A característica de Deus é ser. O filósofo diz que uma criatura pode dar vida a outra. No ser, no mero ser, reside tudo que existe em tudo. Ser é seu primeiro nome. Defeito significa falta de ser. Toda a nossa vida deve ser o ser. Enquanto nossa vida consiste em ser, estará em Deus. Enquanto nossa vida for débil mas recebida como ser, este ultrapassa tudo de que a vida pode jamais se vangloriar. Não tenho dúvidas disso, que se a alma tivesse a mais remota noção do que o ser significa, jamais ela se afastaria dele por um instante. A coisa mais trivial percebida por Deus, uma flor olhada por Deus, por exemplo, seria uma coisa mais perfeita que o universo. A coisa mais desprezível presente em Deus como ser é melhor que o conhecimento angélico.2

Esta passagem talvez pareça muito abstrata para a maioria dos leitores. O sermão foi feito, segundo se diz, no dia consagrado aos “santos mártires que foram mortos com a espada”. Eckhart começa expondo suas ideias acerca da morte e do sofrimento, que têm um termo, como tudo mais que pertence a este mundo. Continua, depois, dizendo que “nos cumpre emular a morte em ausência de paixão (niht betrüeben), diante do bem e do mal e do sofrimento de qualquer natureza, e cita São Gregório: “Ninguém recebe tanto de Deus quanto o homem que está inteiramente morto”, porque “a morte lhes (aos mártires) dá a existência — perdem a vida, mas encontram a existência”. A alusão de Eckhart à flor contemplada por Deus nos faz lembrar a entrevista de Nansen com Rikko, no qual o mestre do Zen também alude a uma flor no pátio do mosteiro.
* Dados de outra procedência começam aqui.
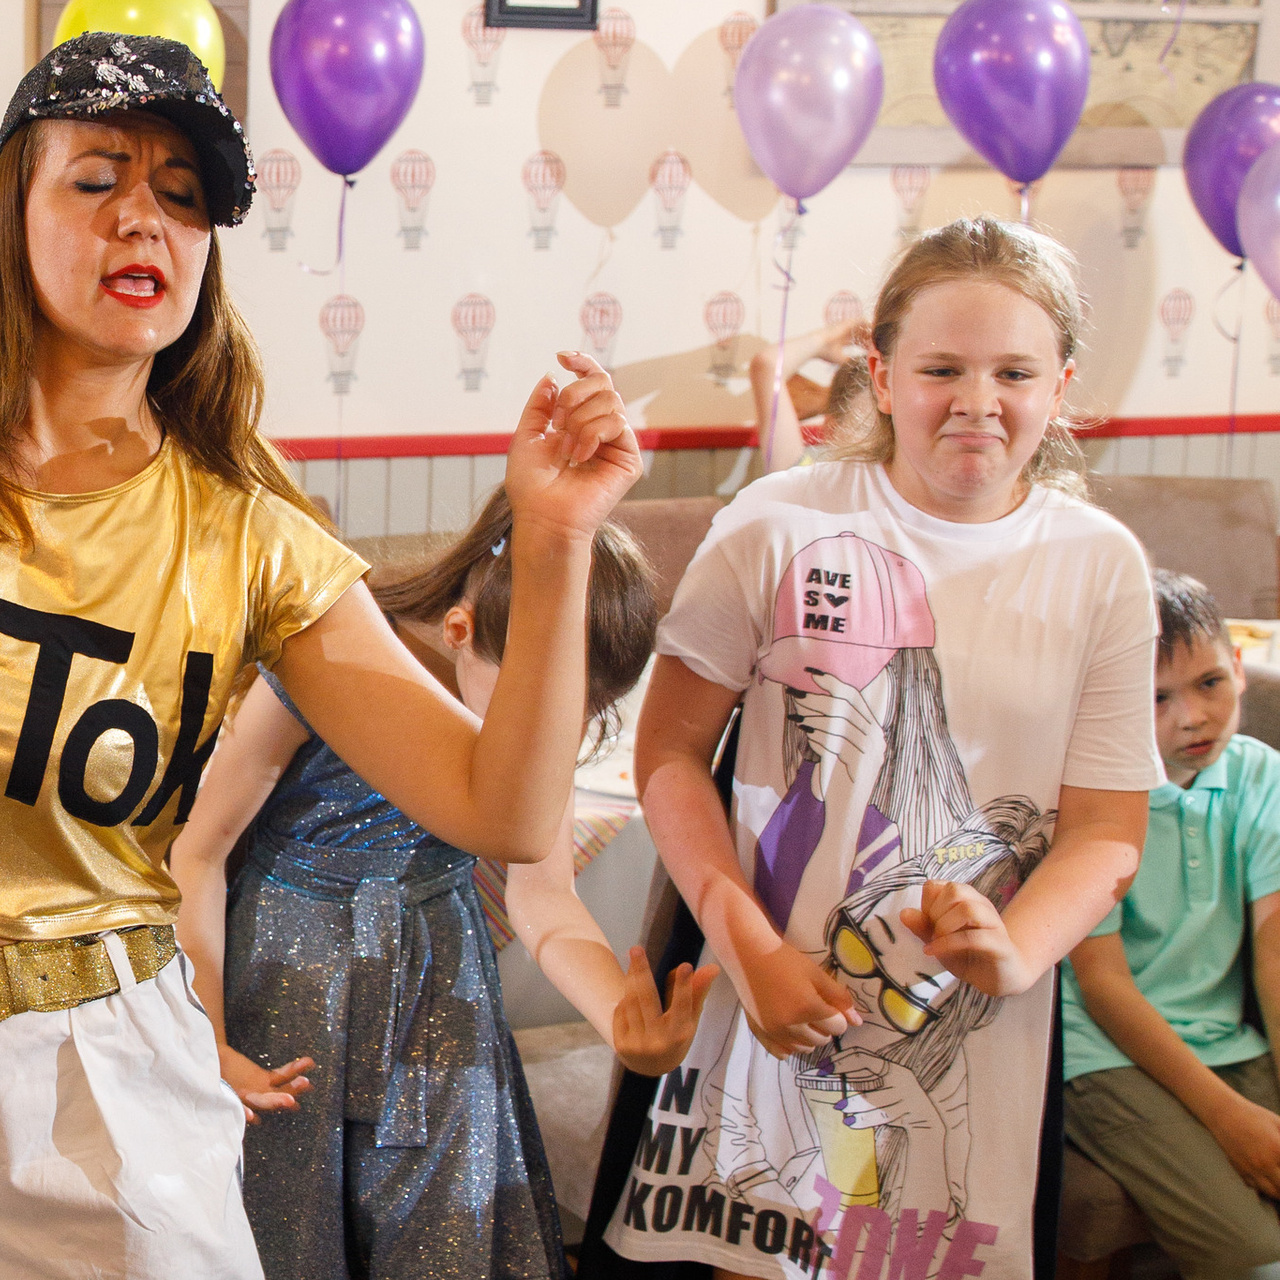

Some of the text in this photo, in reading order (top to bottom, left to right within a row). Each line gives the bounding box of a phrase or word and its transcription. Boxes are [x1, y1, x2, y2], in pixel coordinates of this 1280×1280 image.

[805, 568, 851, 589] AVE
[803, 613, 846, 634] ME
[934, 842, 985, 865] TRICK
[657, 1066, 700, 1115] N
[635, 1120, 708, 1175] MY
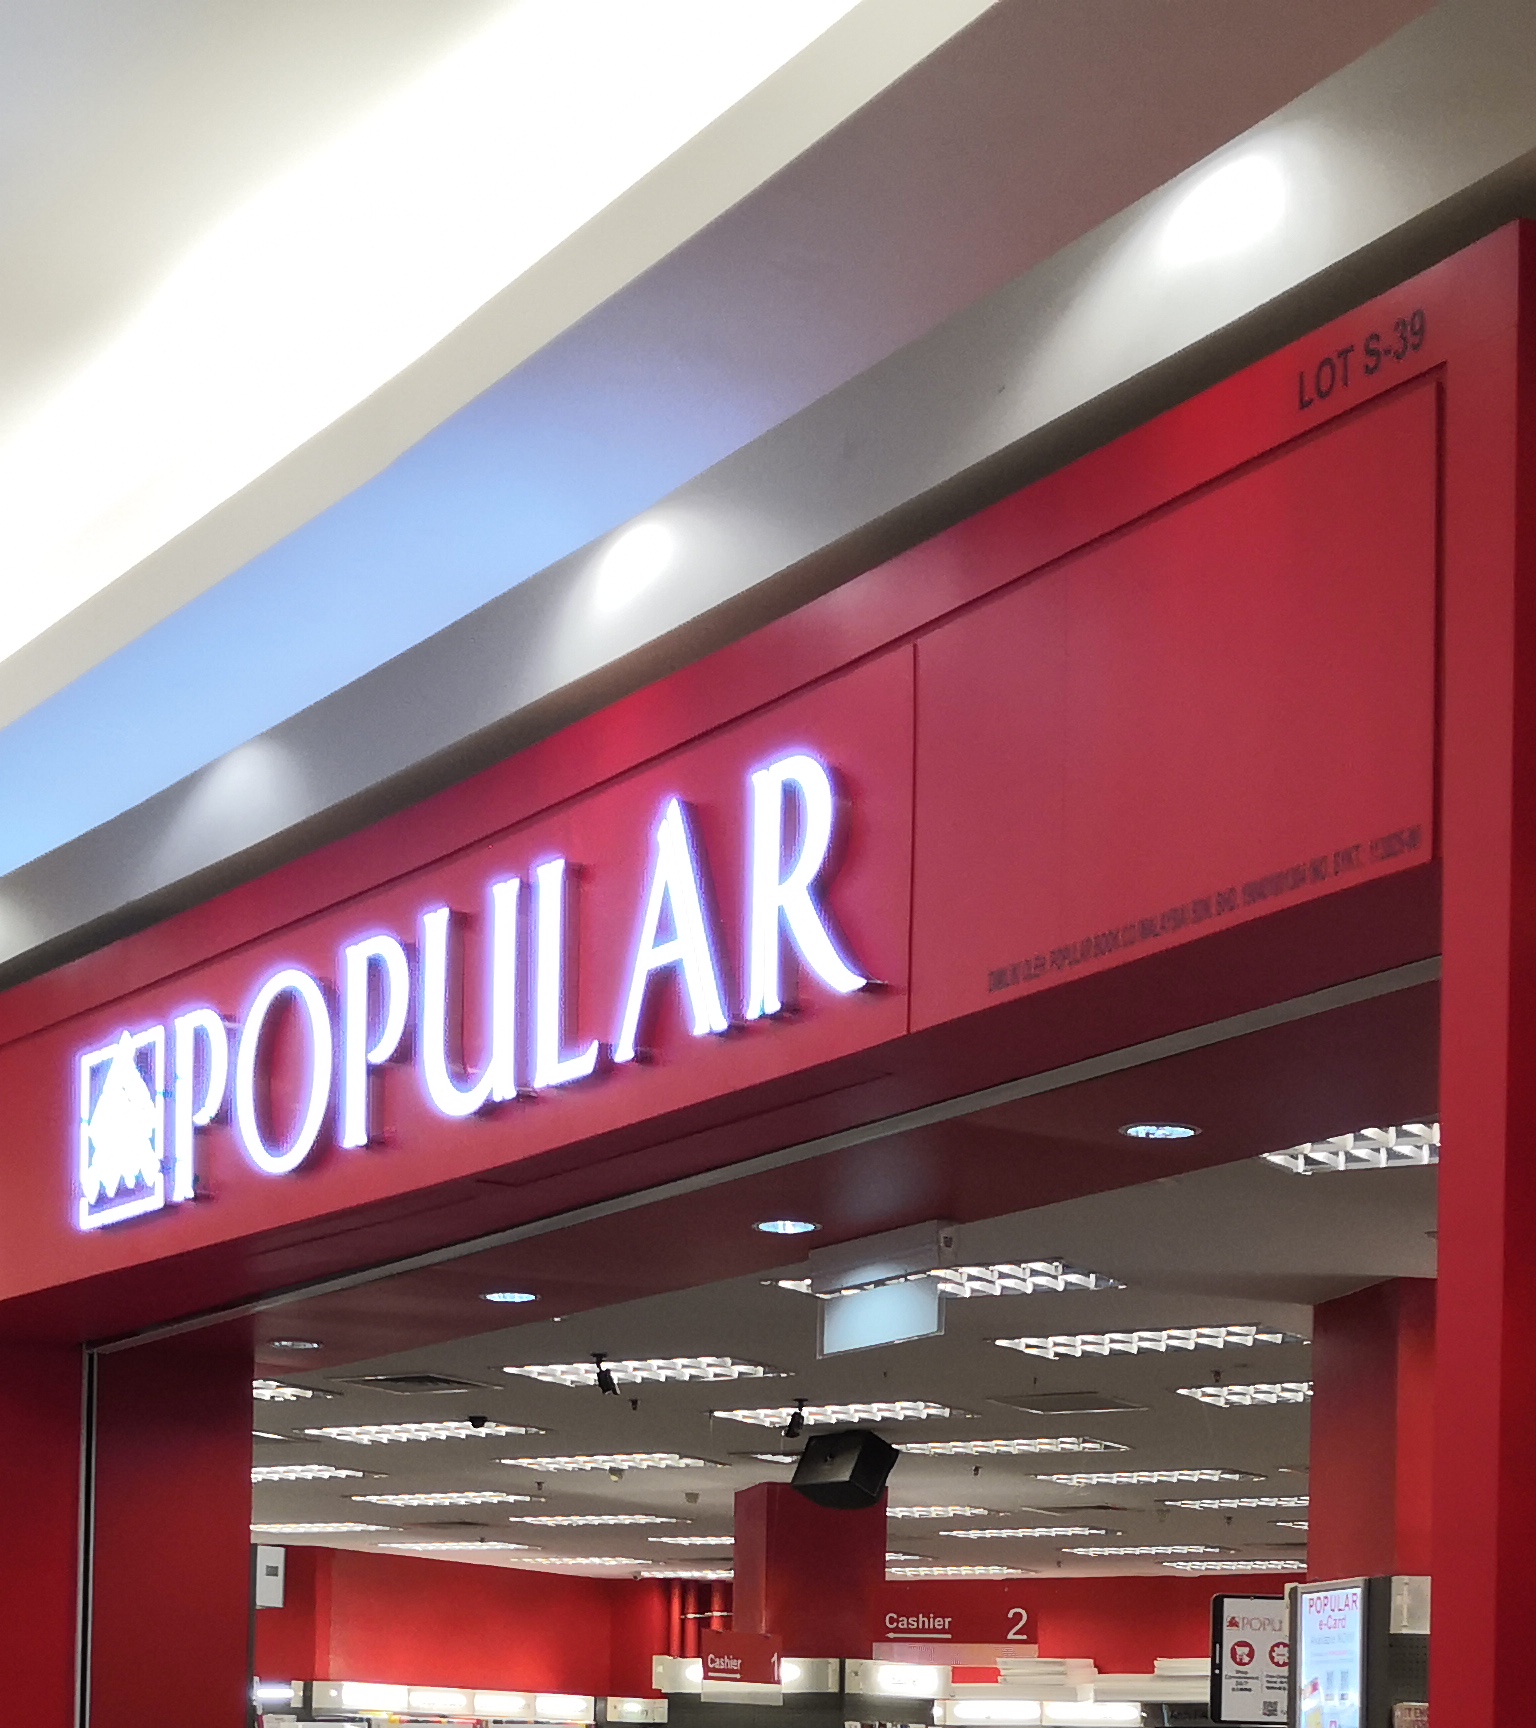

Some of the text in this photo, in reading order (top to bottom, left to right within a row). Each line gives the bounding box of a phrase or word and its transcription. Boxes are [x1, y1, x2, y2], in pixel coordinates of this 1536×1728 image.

[1298, 308, 1426, 411] LOT S-39
[174, 754, 868, 1202] POPULAR
[1308, 1592, 1359, 1615] POPULAR
[885, 1607, 1028, 1640] Cashier 2
[1241, 1616, 1283, 1632] POPU
[1318, 1614, 1347, 1631] e-Card
[707, 1651, 779, 1681] Cashier 1
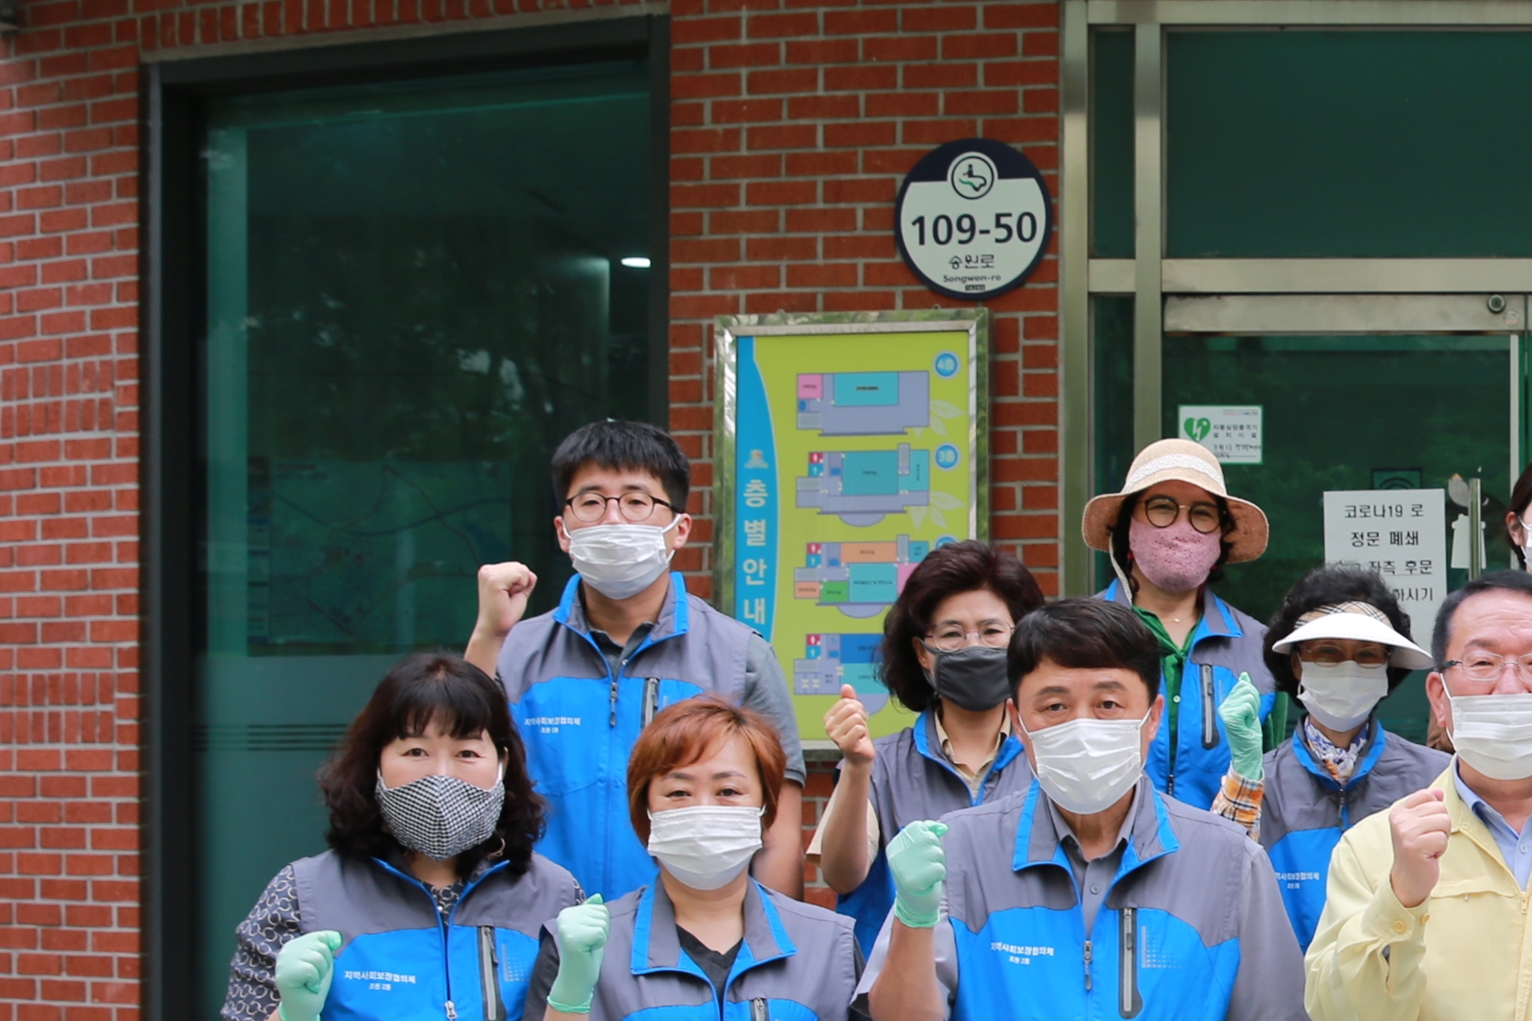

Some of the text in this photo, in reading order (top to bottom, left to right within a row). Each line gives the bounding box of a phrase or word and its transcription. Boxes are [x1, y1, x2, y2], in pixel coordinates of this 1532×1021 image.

[911, 212, 1038, 246] 109-50
[948, 254, 995, 270] 송원로
[943, 274, 1001, 284] Songwon-ro
[1344, 503, 1425, 519] 코로나19 로
[1351, 531, 1380, 548] 정문
[1405, 559, 1433, 575] 후문
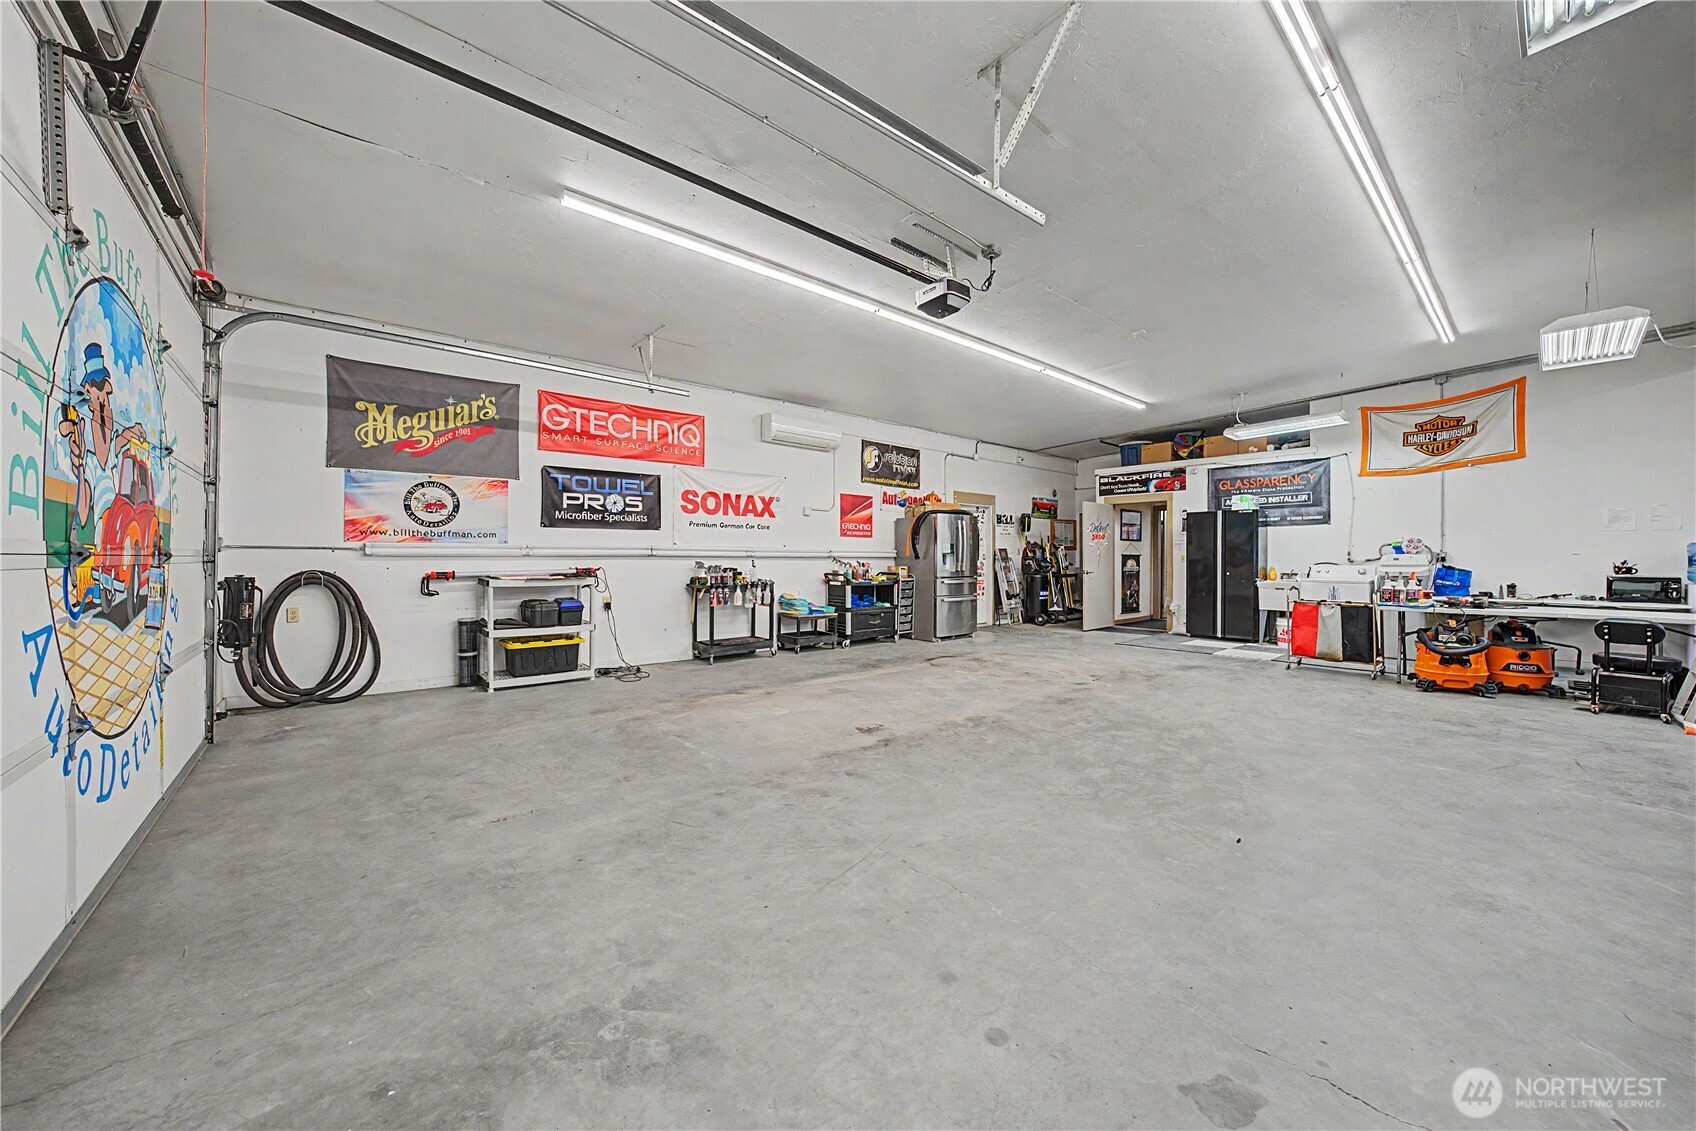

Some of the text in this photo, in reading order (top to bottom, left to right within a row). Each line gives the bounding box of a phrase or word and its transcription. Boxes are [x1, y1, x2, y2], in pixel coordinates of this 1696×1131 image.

[8, 320, 51, 521] Bill
[354, 393, 498, 452] Meguiar's
[542, 403, 701, 448] GTECHNIQ
[1422, 419, 1458, 431] MOTOR
[433, 427, 471, 448] since 1901
[542, 431, 701, 457] SMART SURFACE SCIENCE
[550, 473, 654, 496] TOWEL
[1100, 472, 1171, 483] BLACKFIRE
[1219, 473, 1317, 490] GLASSPARENCY
[563, 492, 642, 513] PROS
[680, 489, 776, 518] SONAX
[555, 511, 648, 522] Microfiber Specialists
[688, 521, 718, 529] Premium
[719, 522, 744, 530] German
[757, 523, 770, 531] Care
[358, 529, 497, 539] www.billthebuffman.com
Quando encontro tais afirmações é que aumenta a minha convicção de que as experiências cristãs não são, afinal de contas, diferentes das budistas. A terminologia é tudo que nos separa e nos impele a um prejudicial desperdício de energia. Devemos, contudo, pesar a questão cuidadosamente e verificar se existe, de fato realmente, algo que nos afaste uns dos outros e se existe alguma base para nossa edificação espiritual e para o progresso de uma cultura universal.

original

Being is God. . . . God and being are the same—or God has being from another and thus himself is not God. . . . Everything that is has the fact of its being through being and from being. Therefore, if being is something different from God, a thing has its being from something other than God. Besides, there is nothing prior to being, because that which confers being creates and is a creator. To create is to give being out of nothing.3

Eckhart is quite frequently metaphysical and makes one wonder how his audience took to his sermons—an audience which is supposed to have been very unscholarly, being ignorant of Latin and all the theologies written in it. This problem [7] of being and God’s creating the world out of nothing must have puzzled them very much indeed. Even the scholars might have found Eckhart beyond their understanding, especially when we know that they were not richly equipped with the experiences which Eckhart had. Mere thinking or logical reasoning will never succced in clearing up problems of deep religious significance. Eckhart’s experiences are deeply, basically, abundantly rooted in God as Being which is at once being and not-being: he sees in the “meanest” thing among God’s creatures all the glories of his is-ness (isticheit). The Buddhist enlightenment is nothing more than this experience of is-ness or suchness (tathatā), which in itself has all the possible values (guna) we humans can conceive.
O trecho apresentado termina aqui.